_WHAT IS REQUIRED_.
Apart from the pictures, every record here must be copied word for word.
[[ PROVIDED ENTRIES open ]]
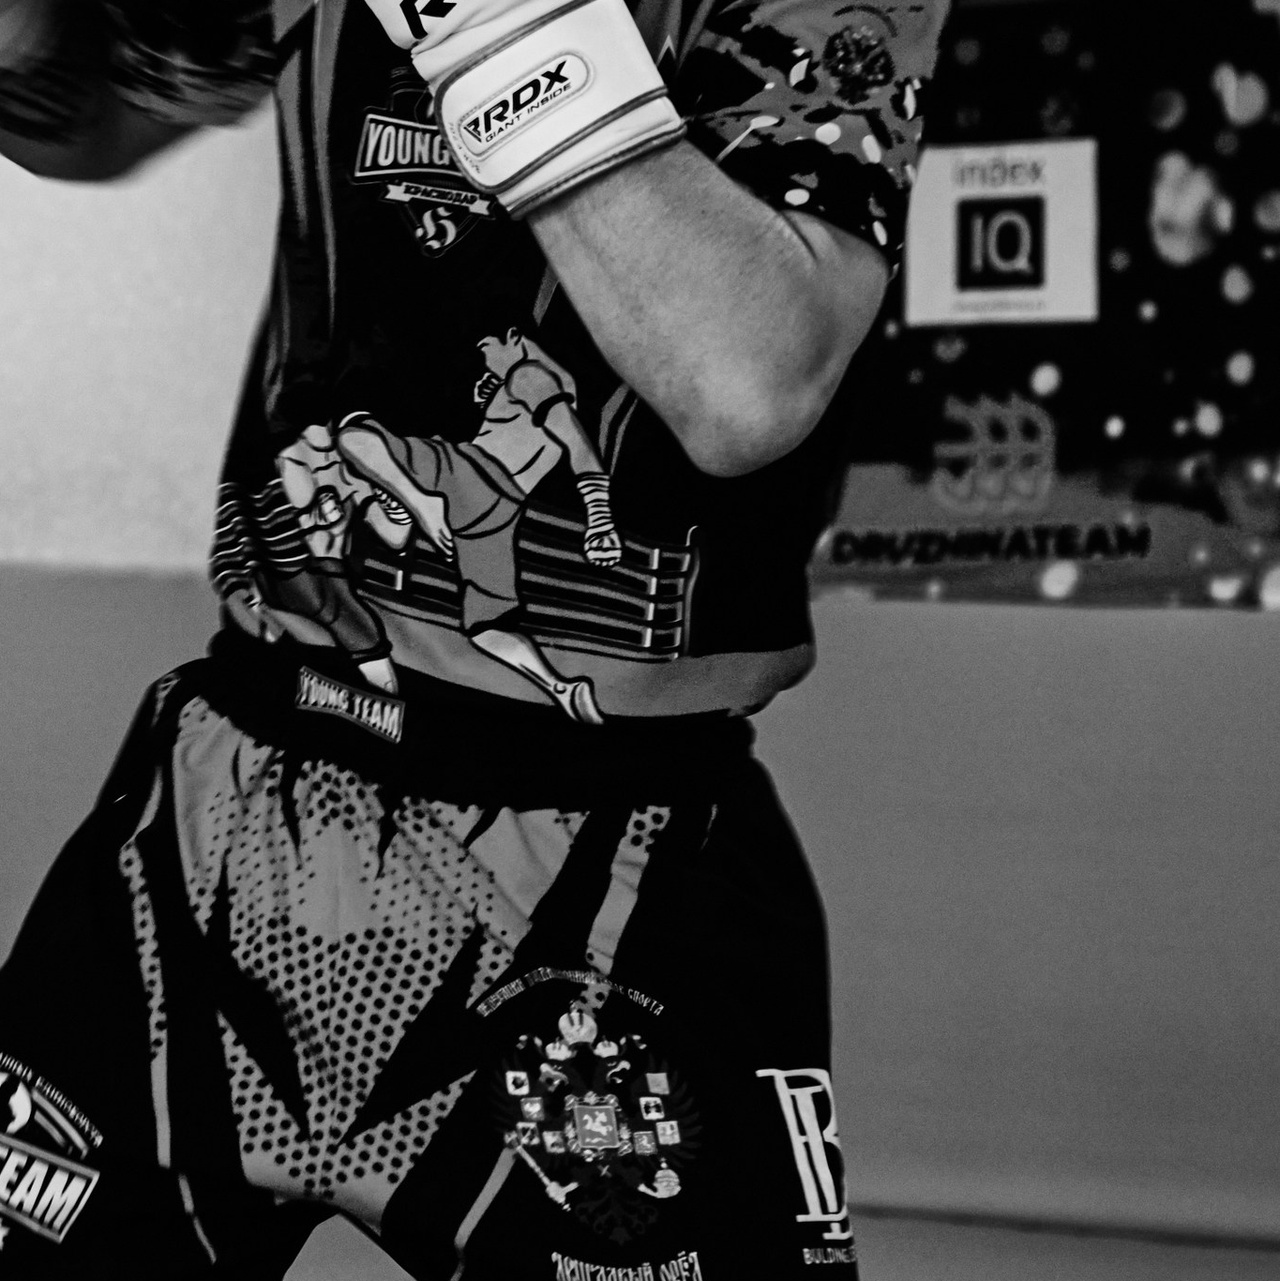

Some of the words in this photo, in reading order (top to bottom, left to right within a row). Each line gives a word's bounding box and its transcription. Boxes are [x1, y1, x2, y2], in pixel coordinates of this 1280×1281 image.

[485, 113, 522, 143] GIANT
[527, 81, 572, 114] INSIDE
[363, 122, 451, 168] YOUNG
[969, 208, 1035, 277] IQ
[351, 693, 401, 742] TEAM
[[ PROVIDED ENTRIES closed ]]
_TASK SOLUTION_.
Some of the words in this photo, in reading order (top to bottom, left to right within a row). Each line gives a word's bounding box and its transcription. Boxes are [x1, y1, x2, y2], in pixel coordinates of this 1280×1281 image.

[485, 113, 522, 143] GIANT
[527, 81, 572, 114] INSIDE
[363, 122, 451, 168] YOUNG
[969, 208, 1035, 277] IQ
[351, 693, 401, 742] TEAM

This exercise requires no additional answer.